Jean-Luc alternated between sleeping in my room or his papi’s. His own bedroom was rarely used. Both Papa and I had a small cot bed perpendicular to our own at the foot of our beds. It was very common at the time in French homes. If Papa was telling Jean-Luc a particularly good bedtime story, Jean-Luc could not be persuaded to return to my room. Sometimes the stories were a little bit scary and the walk from Papa’s room in the eastern side of the house to mine in the west wing was too much of a challenge for him. Papa would read until Jean-Luc nodded off, and then, as it seemed a little cruel to move him as he slept, we would let him spend the night there.

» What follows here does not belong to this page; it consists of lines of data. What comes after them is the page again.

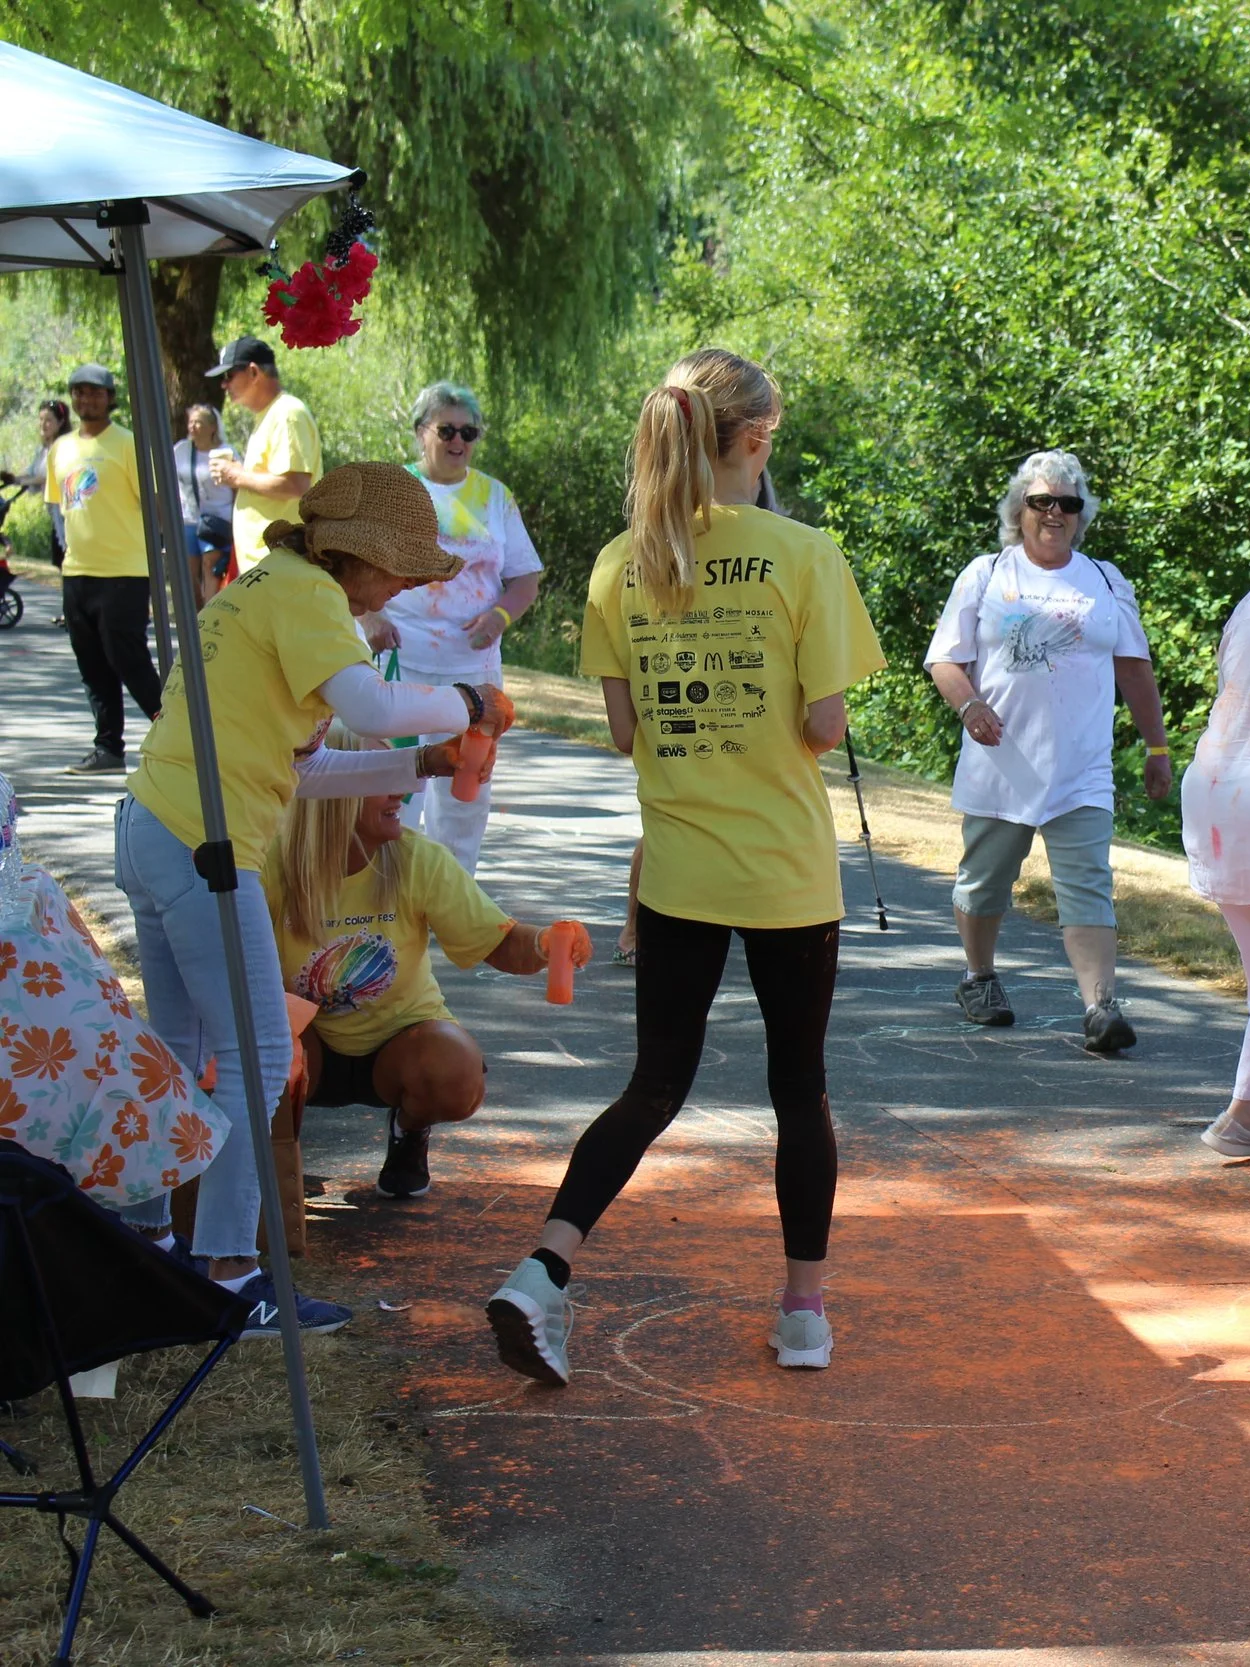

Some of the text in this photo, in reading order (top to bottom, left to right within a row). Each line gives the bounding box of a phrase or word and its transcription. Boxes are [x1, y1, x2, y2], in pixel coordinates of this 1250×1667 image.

[704, 557, 774, 586] STAFF
[657, 707, 688, 717] staples
[657, 747, 687, 757] NEWS
[721, 744, 742, 753] PEAK
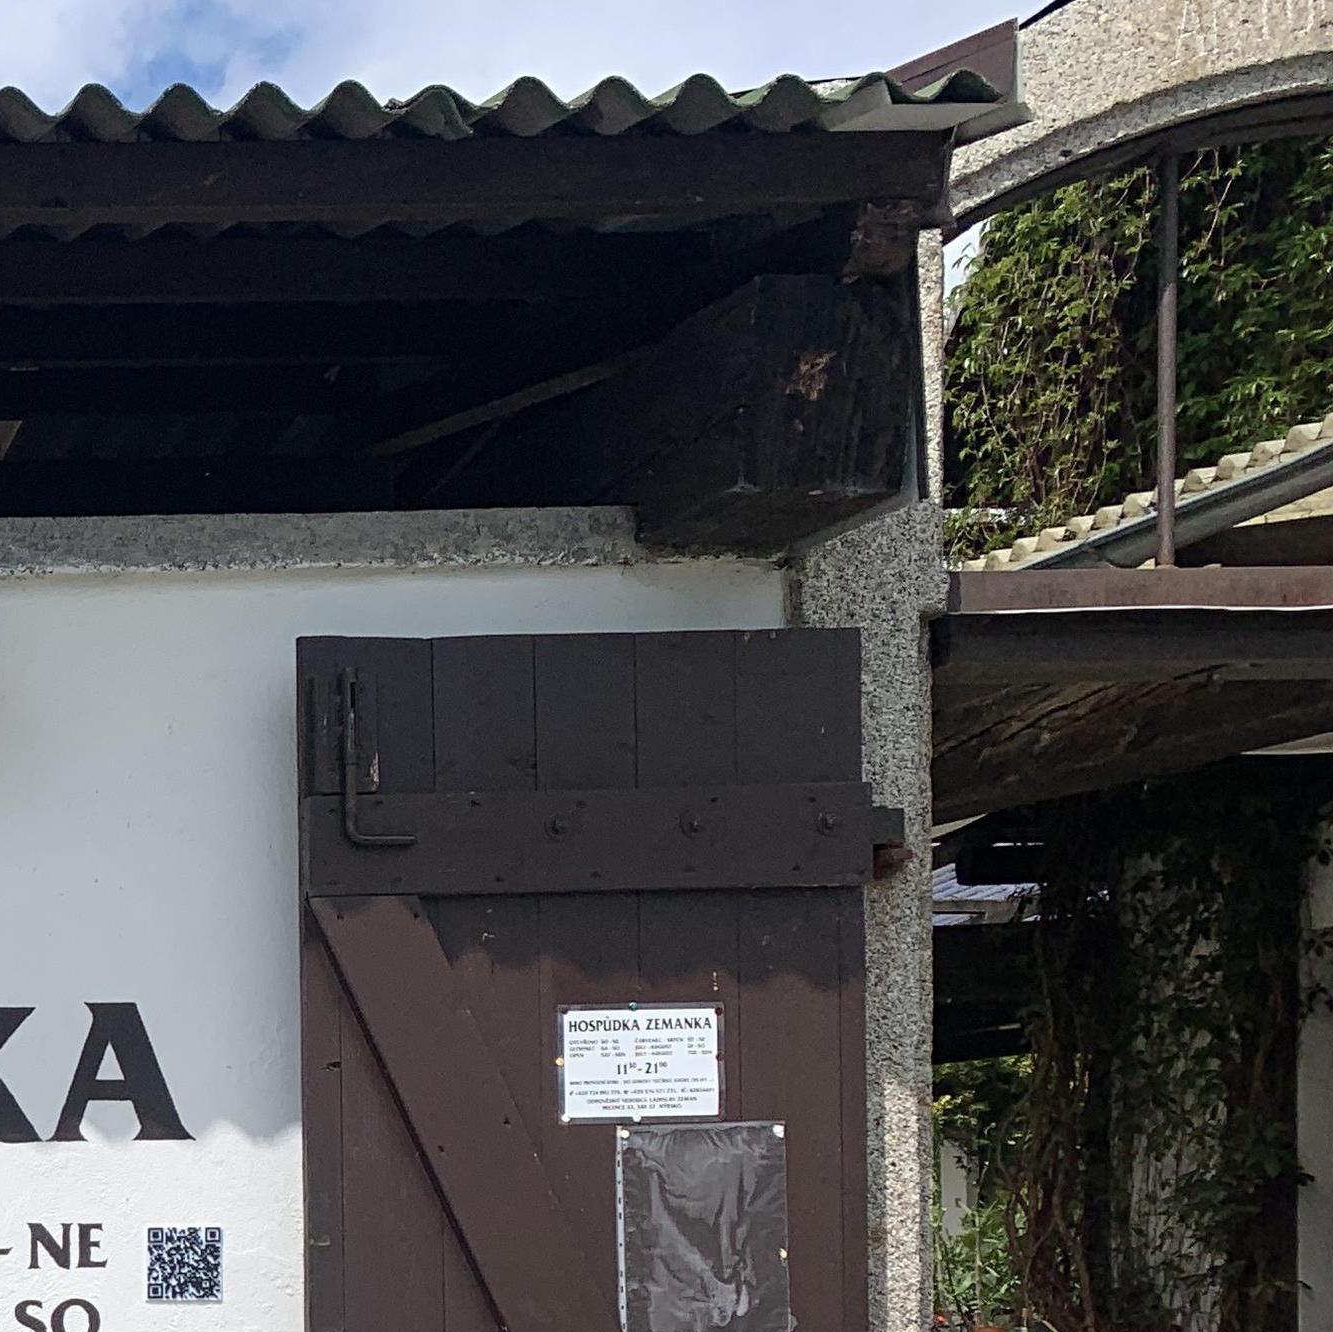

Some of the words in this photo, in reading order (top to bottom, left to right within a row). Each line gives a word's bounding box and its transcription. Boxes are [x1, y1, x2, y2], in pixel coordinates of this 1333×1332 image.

[568, 1015, 641, 1033] HOSPŮDKA
[645, 1017, 712, 1031] ZEMANKA
[25, 1221, 109, 1271] NE

I do not know what started the fire. My father’s pipe, a cigarette, a stray ember from the charcoal oven, we will never know. My memory of the night is quite unclear; I was woken by a noise like a strong wind rushing through the hallways, and then the sound of shouting. I thought I must be dreaming. Even when I got out of bed and looked out the window and saw the east wing in flames, it was so unreal and absolutely unexpected that I still did not comprehend how much of an emergency it was. I wandered through the smoke-filled hall in my nightdress before I fully understood the horror before me. When I was shocked out of sleep, I was disorientated and lost my sense of direction, but as I ran along the gallery toward what I thought was the east wing, the searing heat and smoke drove me back. I began to shout for my beloved father and son, but the only response I heard was a hiss and a crackle and the splintering and spitting of wood. I became hysterical and batted my way into the flames to get across the gallery to the eastern side of the house, but the floor beneath me was smoldering and I could smell my singed hair. When I realized I was at the top of the burning staircase, I knew I could go no farther. I do not know how I burned my hands so badly. At the time, I did not even feel the pain. I do not recall how I got from the upper gallery to the courtyard, but I remember being restrained there by Michael as I kicked and bit him, trying to get away from him to rescue the only people in the world that I loved.
I did not know it then, but I later came to understand that Jean-Luc and his papi died of smoke inhalation, probably in their sleep. It is something of a comfort to me, as I spent months afterward in the nightmare of imagination wondering if they had to watch each other burn to death, screaming for my help, after desperately trying to save each other.